Scott Barlow and Revere Health

Utah Valley Hospital and Revere Health have had a longstanding healthcare relationship, with many patients receiving treatment at Revere Health while also utilizing the advanced services of the hospital. Because both organizations share a focus on the patient and a desire to make the patient experience effective, efficient, and comfortable, Revere Health has contributed a generous gift of $1 million to help fund the new Education Center in the Utah Valley Clinic.

Scott Barlow, CEO of Revere Health, said, "I think this project is an opportunity that doesn't come around very often. Whether someone has been a recipient of care at the hospital, has visited a family member, or experienced a career opportunity, it's a great chance to step up, say thank you, and set a legacy for the future of exceptional healthcare in our community."

Another connection between the hospital and Revere Health is a planned pedestrian bridge that will span 500 West, making it safer for patients, their families, and caregivers to walk from Utah Valley Hospital to Revere Health.

"It's very metaphorical to the whole relationship," Scott said. "First, it represents our mutual focus on safety. And second, it speaks to the commitment of both organizations to work collaboratively in the best interest of the patient."

Fraser Bullock

Fraser Bullock

Fraser Bullock, a longtime Utah County resident, BYU graduate, and managing director at Sorenson Capital, was inspired to give to the hospital replacement project after a terrifying personal experience. In the spring of 2015 while driving to work in rush hour traffic, he experienced a massive heart attack. Miraculously, he managed to pull out of traffic. Just one car pulled up to help, it was his son-in-law. He was taken to the waiting doctors and nurses at Utah Valley Hospital.

Within minutes of arrival, Fraser was in the hospital’s Cardiac Cath Lab.

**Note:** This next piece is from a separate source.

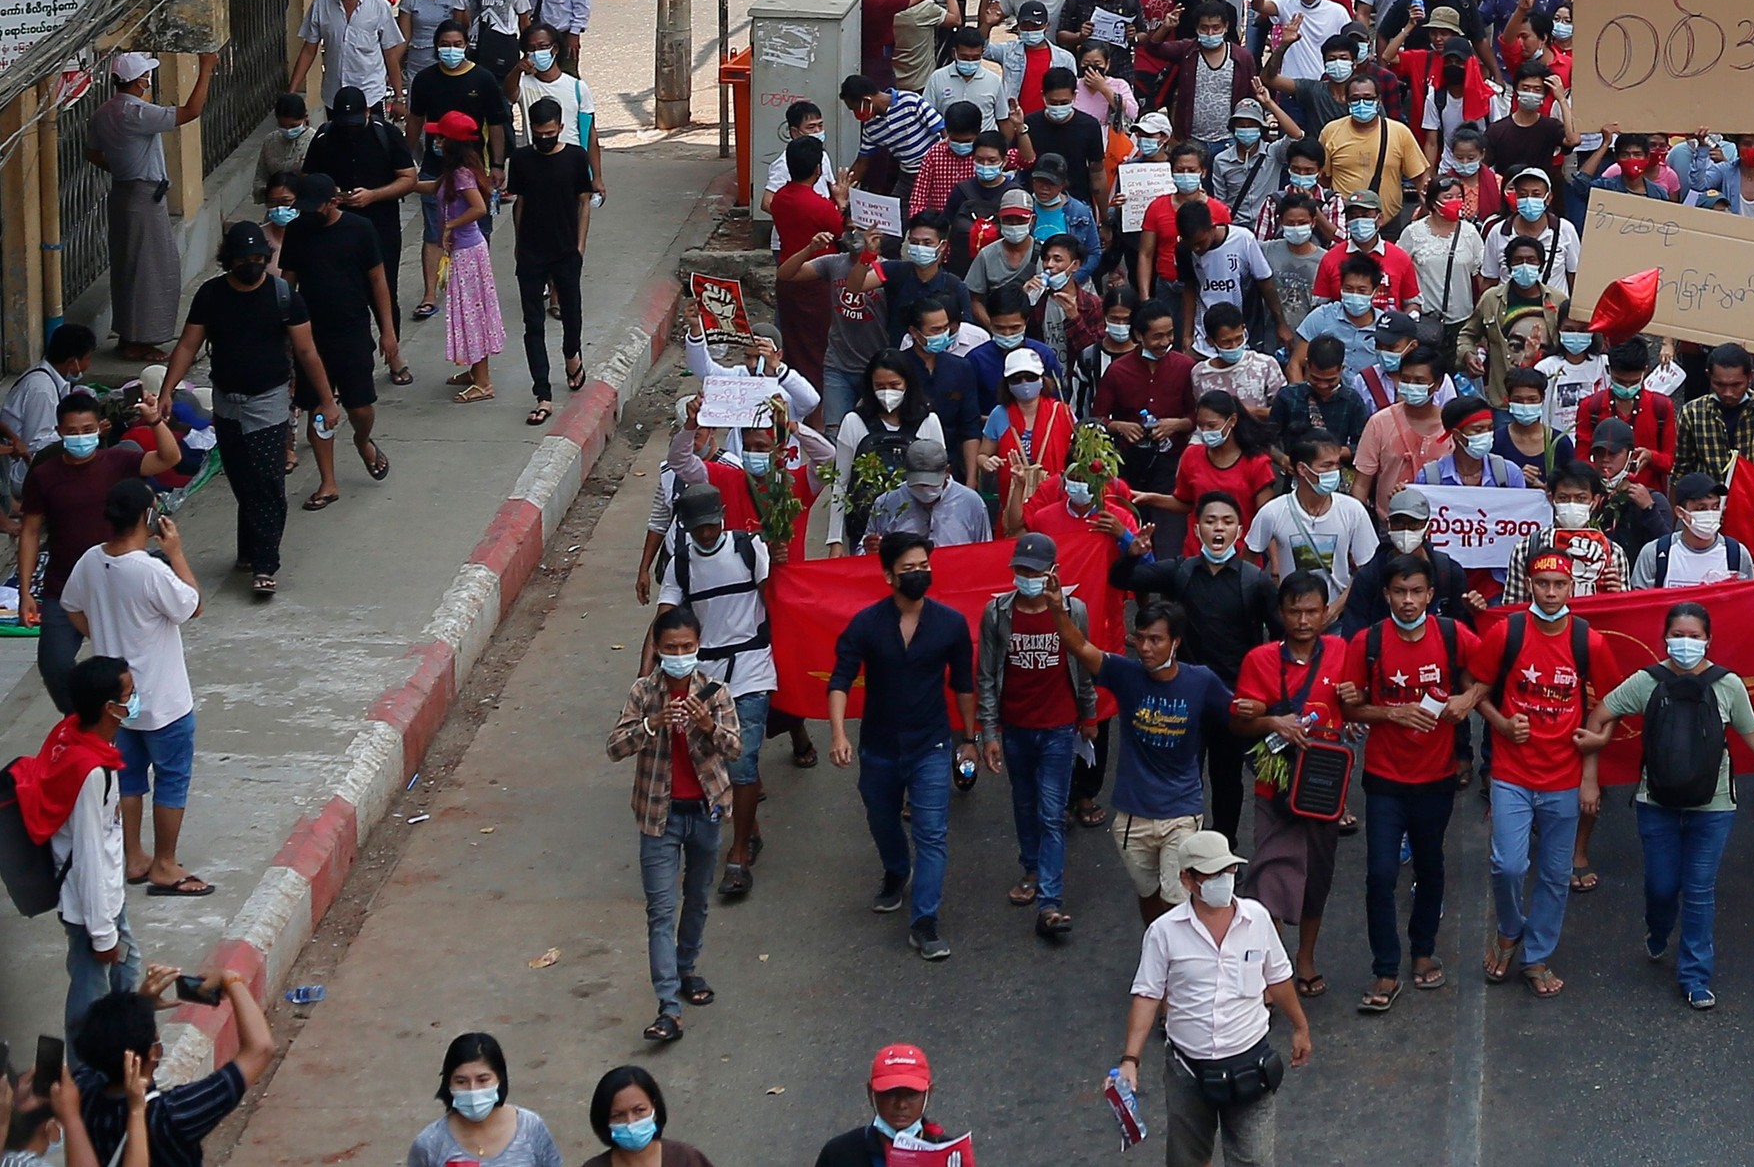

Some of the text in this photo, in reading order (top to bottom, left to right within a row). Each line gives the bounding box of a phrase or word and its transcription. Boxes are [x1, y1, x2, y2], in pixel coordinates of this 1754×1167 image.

Cardiologist Dr. Charles Dahl inserted a stent and cleared Fraser’s blocked artery, saving his life. He spent several days in the hospital and weeks in Cardiac Rehab. He loved the caregivers, but felt the facilities were lacking, especially the small patient rooms. 

In gratitude, Fraser and his wife, Jennifer, directed their gift to help fund the new Cardiac Rehabilitation Center and to assure larger patient rooms. “It was not only a thank you for saving my life, but also a thank you to Intermountain for having the courage and resources to build new facilities like this,” he said. “It’s for our family, our children, and our grandchildren. It’s for our friends and neighbors. This will assure the best healthcare possible for us and is a project we can all support.”